While some library branches allow for adequate social distancing, others do not. She said keeping these buildings open and requiring people to come to work is a waste of the city’s limited resources — particularly cleaning supplies, hand sanitizer and protective equipment. A lot of employees take the TARC bus to work, and many are in a vulnerable population or live with people who are. 

She said they have been told that they cannot work from home, but have not been given a good reason as to why. 

“We would love to help the community. We would just like to do it safely, from home, with pay,” she said. “We could answer the unemployment line, we could be answering library questions.

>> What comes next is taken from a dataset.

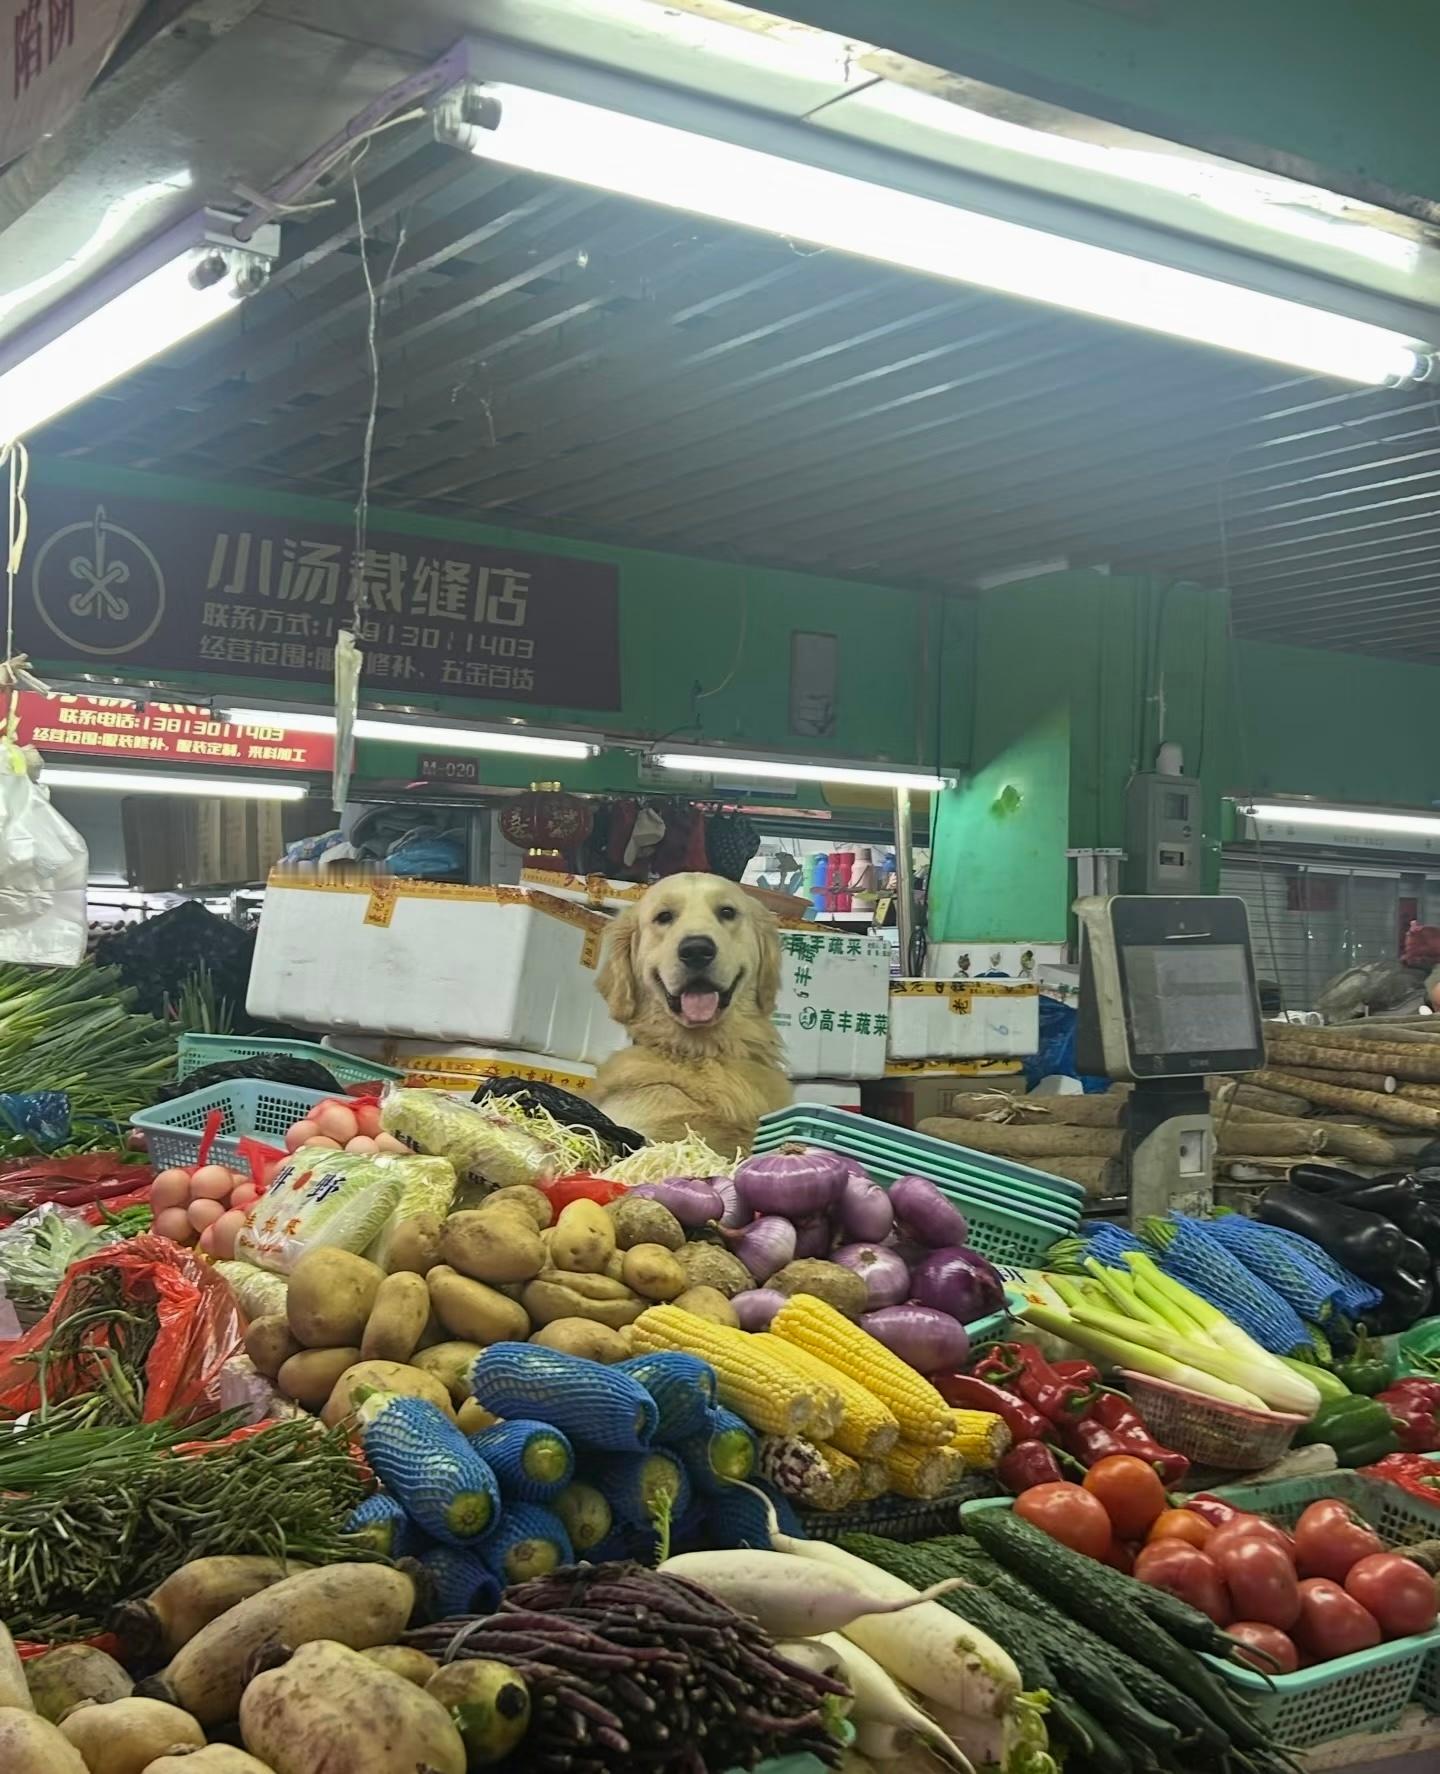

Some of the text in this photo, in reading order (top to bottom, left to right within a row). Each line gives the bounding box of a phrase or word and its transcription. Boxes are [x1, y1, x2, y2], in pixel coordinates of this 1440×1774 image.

We could also be working on our own professional development.” 

Another library employee told KyCIR she is happy to come to work — it’s giving her a sense of normalcy — but she is very anxious about the prospect of being asked to transfer to another department.  

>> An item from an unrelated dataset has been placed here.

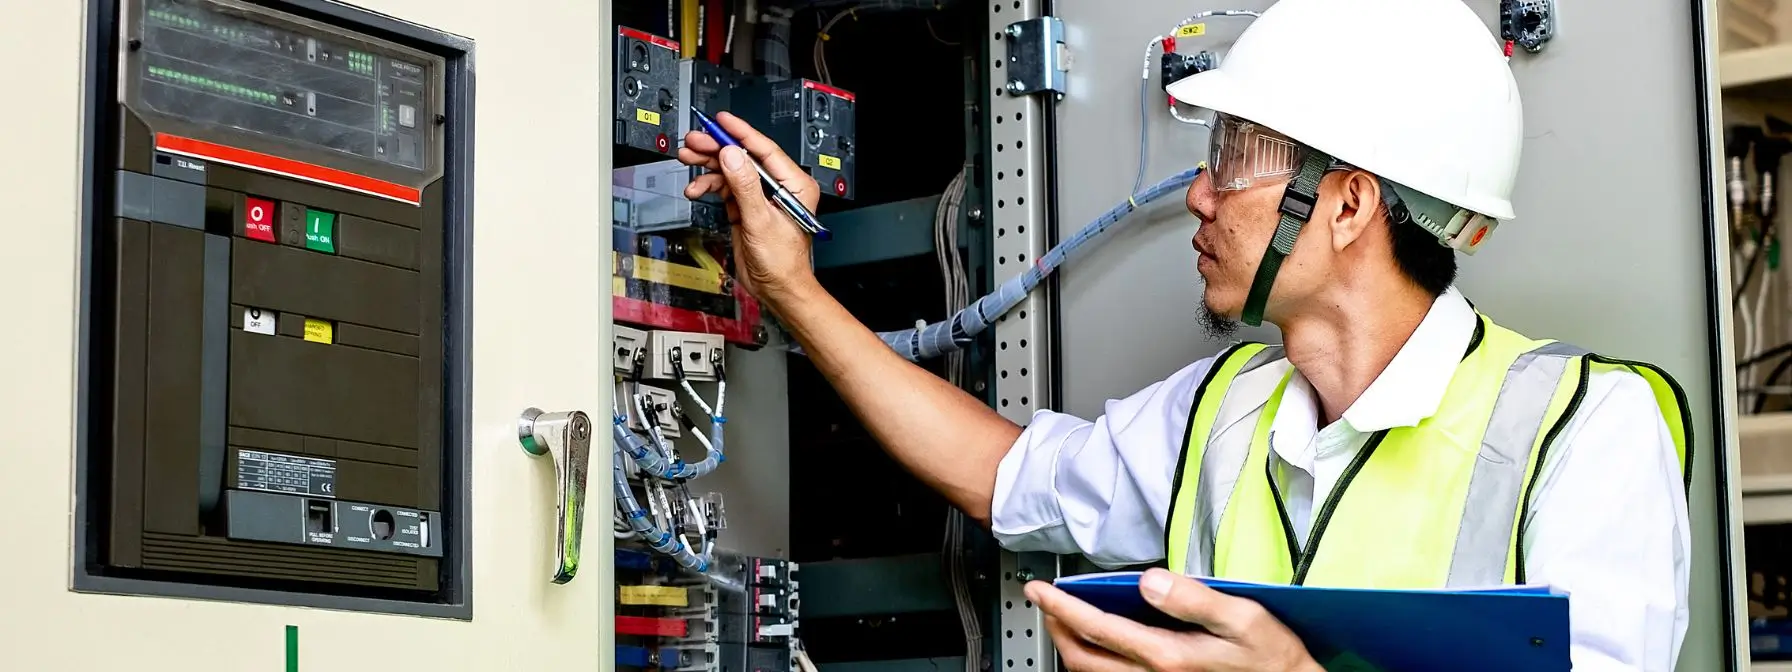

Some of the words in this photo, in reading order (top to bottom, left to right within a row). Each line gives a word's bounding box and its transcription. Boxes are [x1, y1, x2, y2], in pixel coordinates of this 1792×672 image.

[1183, 26, 1199, 35] SW2
[258, 224, 271, 232] OFF
[320, 235, 330, 244] ON
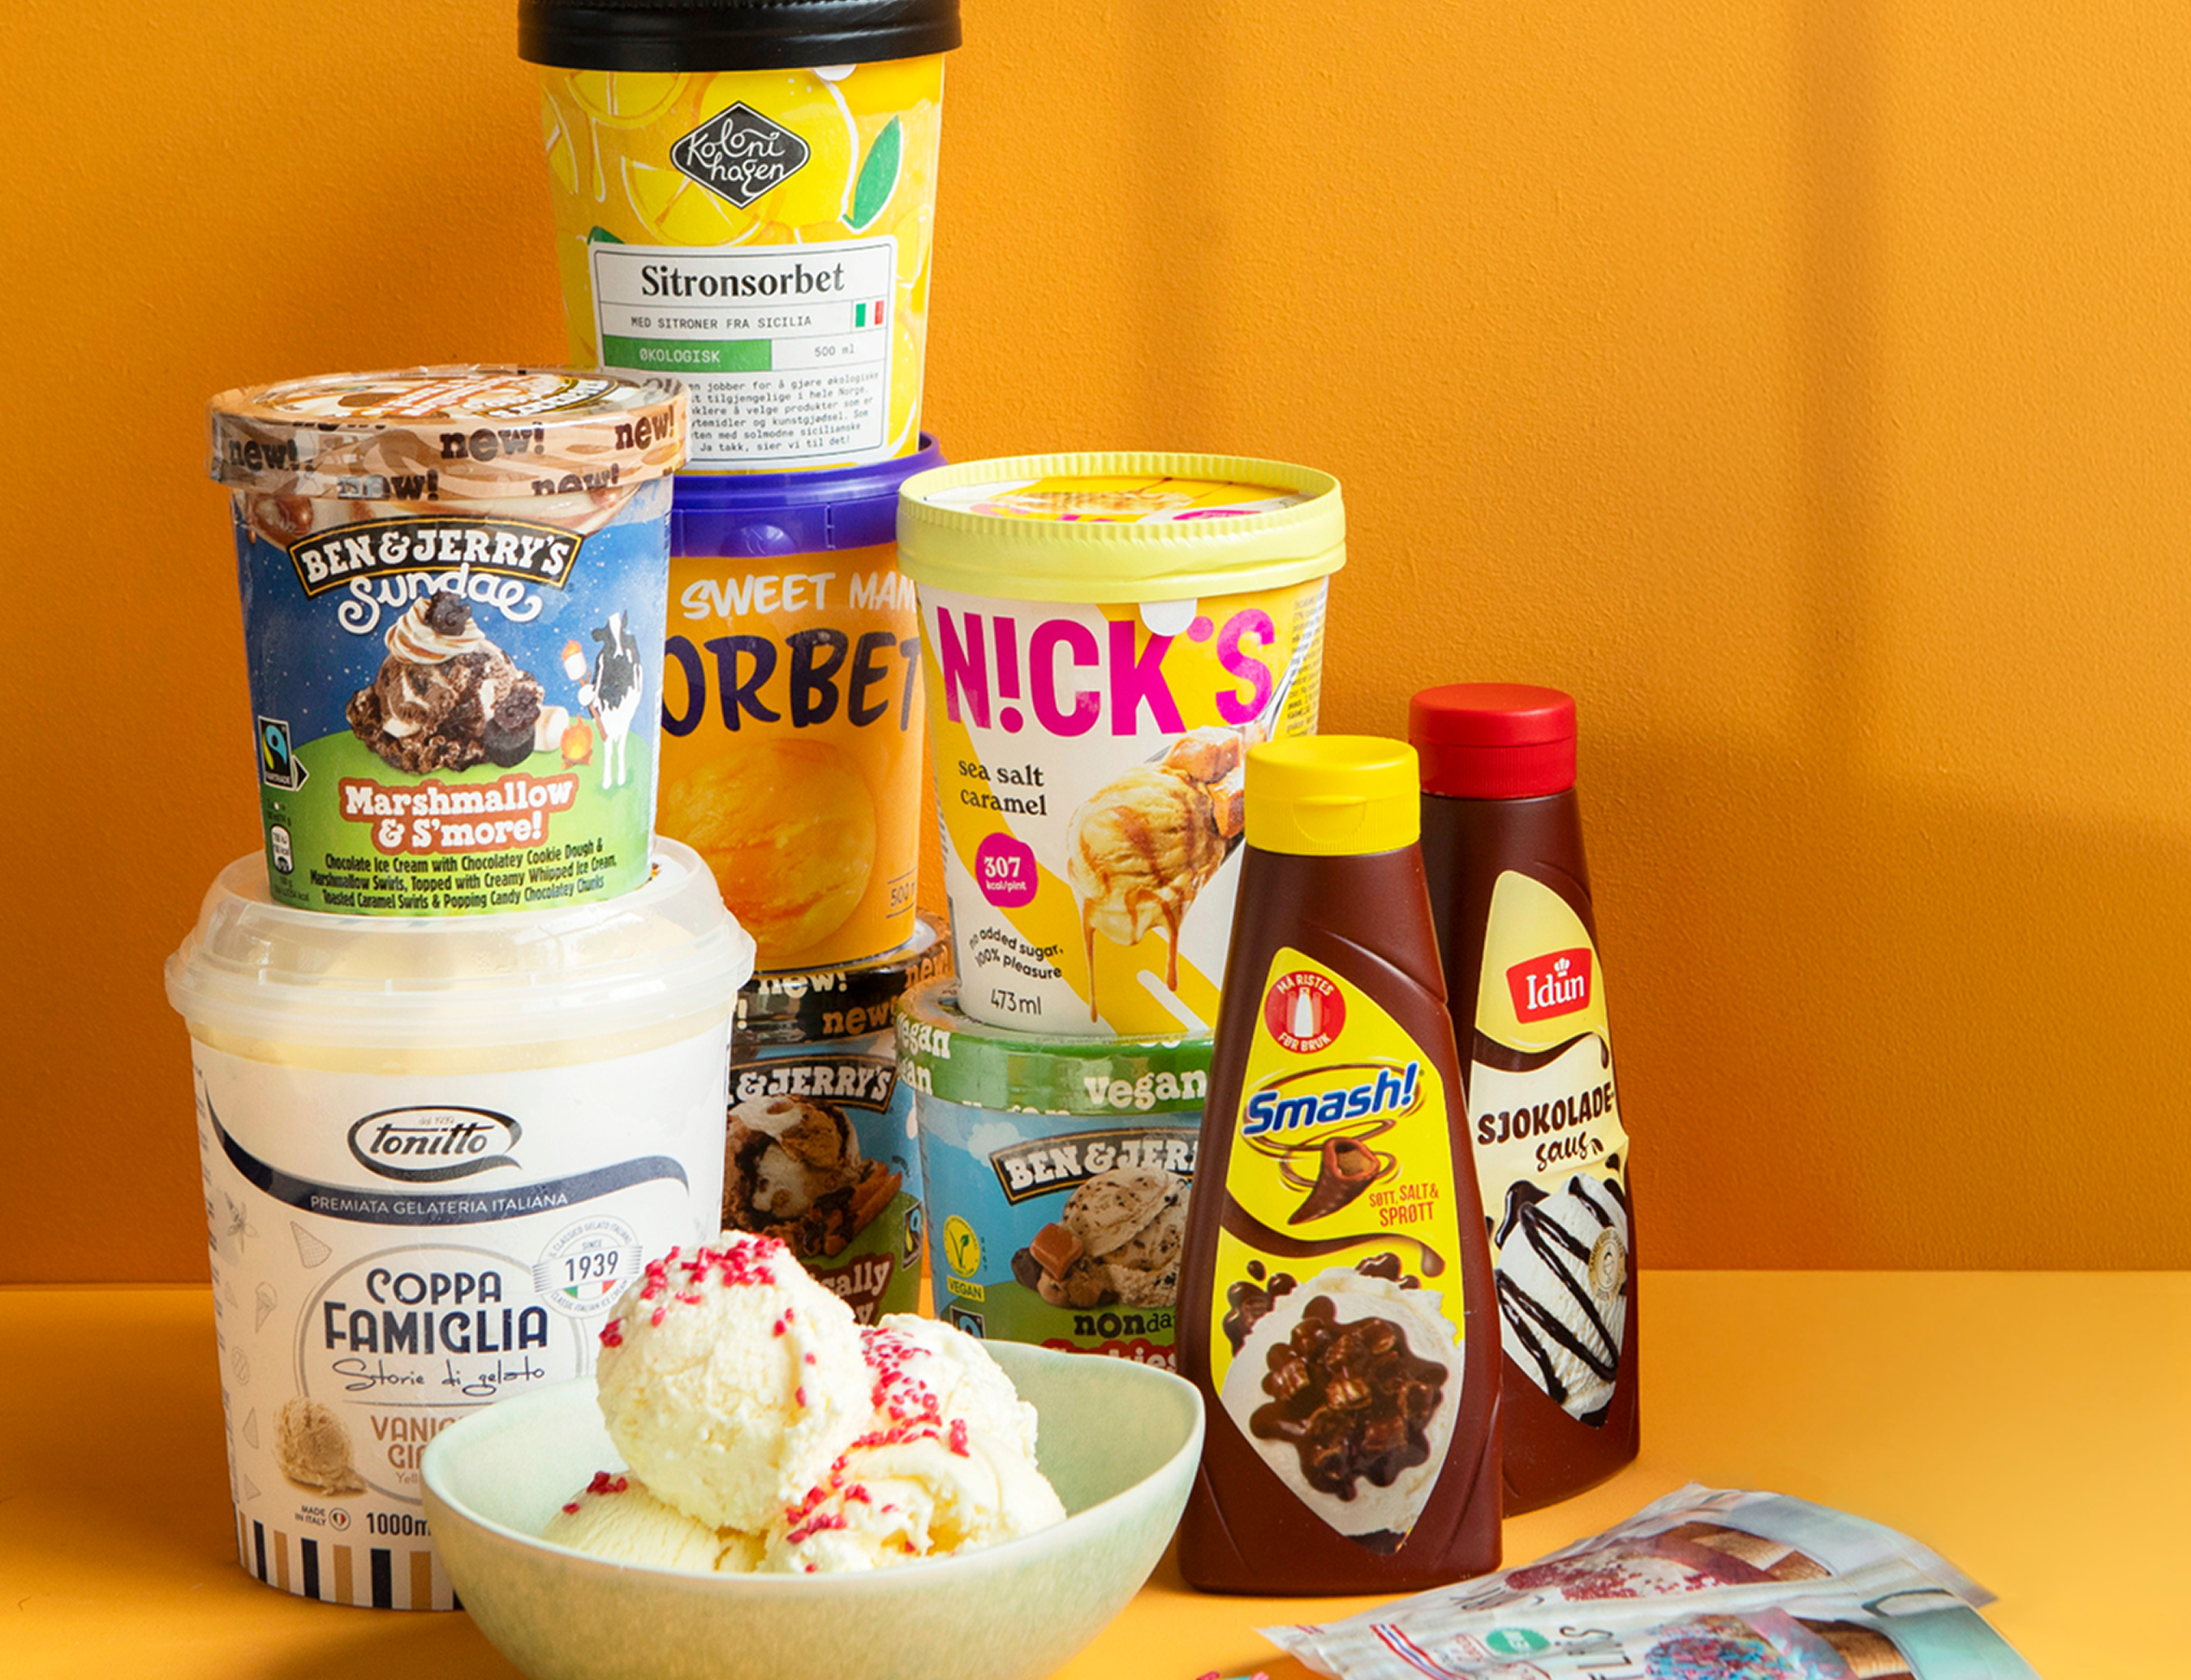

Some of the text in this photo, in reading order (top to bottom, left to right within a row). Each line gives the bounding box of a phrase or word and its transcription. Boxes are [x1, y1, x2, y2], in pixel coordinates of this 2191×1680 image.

Others echoed that concern, saying they are happy to help out but do not want to be sent to a call center, or other location with new people, when all the guidance is to stay home.

“If I’m sent to another agency, that would just expand the number of people I’m interacting with,” said the library employee, who also asked not to be named to protect her job. “That’s the last resort, if the choice is between going to another agency or going to furlough and not getting paid.”

That’s the other, equally serious, fear among city employees — that if they push too hard about their work being non-essential right now, that they’ll be furloughed or laid off. 

Porter said in an email that there is plenty of work. 

“This is an evolving situation, but at this time, we are not furloughing or laying off,” she wrote. 

City employees say all of this has left them stuck between a rock and a hard place — but mostly, for now, just stuck. They’re going to work every day, waiting to see how this all shakes out. The unions that represent them are in the same position. 

Under the law, when the crisis has passed, any contract language changed during the state of emergency would be reinstated. 

“And then we go back to business as usual — or as usual as it will be by then,” said Burcham. “We’ll be there, helping Louisville to pick back up the pieces.” 

Eleanor Klibanoff covered Rust Belt decline and revival in Pennsylvania. She also worked for NPR and attended the George Washington University.